Cydnee Phoenix, 53, filed a four-count lawsuit last month alleging Lennar Homes withheld the harassing nature of the man who lived across the street of the Mays Landing home she bought.
"We contend that Lennar knew of and actively concealed information from Ms. Phoenix about her neighbor that would have prevented her from going ahead and purchasing the home," attorney Brett Datto said.
Kevin Potter allegedly had a history of harassment with Lennar, according to the lawsuit. But it's unclear what the legal obligation may have been, real estate lawyers said.
"It's definitely an interesting case," Atlantic City attorney Sarah Blumberg Weinstock said. "I've never seen anything like that in a standard contract of sale."
The case recently garnered national attention. Lennar has declined comment, citing their policy not to discus pending litigation.
"I just don't think that would be an appropriate thing to place on a builder as a discloser," said Brian Callaghan, an Atlantic City real estate attorney.

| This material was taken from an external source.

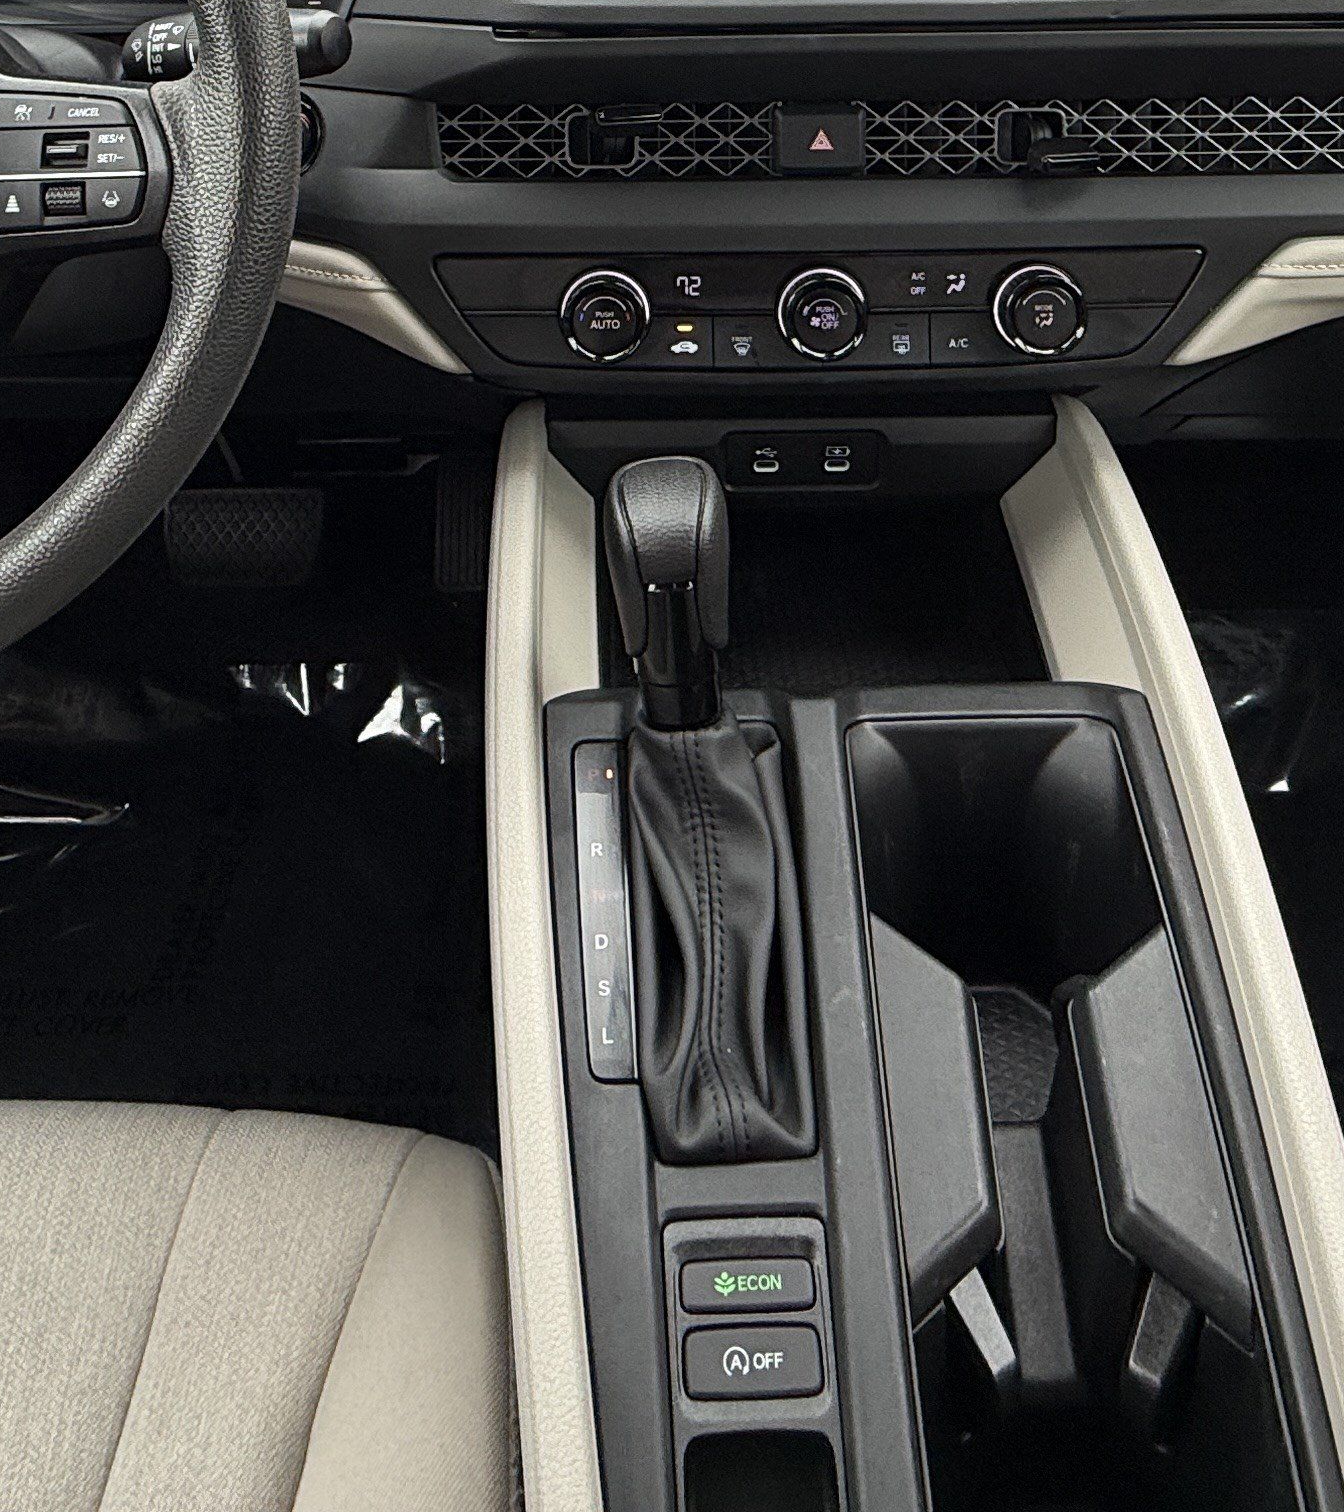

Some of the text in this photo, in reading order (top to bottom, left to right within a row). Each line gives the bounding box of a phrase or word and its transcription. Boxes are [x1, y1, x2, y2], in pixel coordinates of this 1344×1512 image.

However, he pointed out that many consumer fraud lawsuits started out with the argument that "you didn't have a duty to do it, until a judge came in and said, 'Well, now you do have a duty.' The question is, 'How far will the court go in expanding it?'"
It's a difficult line.
"For a builder to start saying, 'Well, I really don't like this next door neighbor,' that gets into a slanderous type of thing," Callaghan said.
Datto agrees there's a line there, but alleges in this particular case the sales representative withheld information when Phoenix met Potter. The salesman allegedly said Potter was no longer eligible for certain services because of how long he had lived there, but instead it was due to "Potter's aggressive, harassing and hostile interactions with several of (Lennar's) agents, employees and/or workers," the suit claims.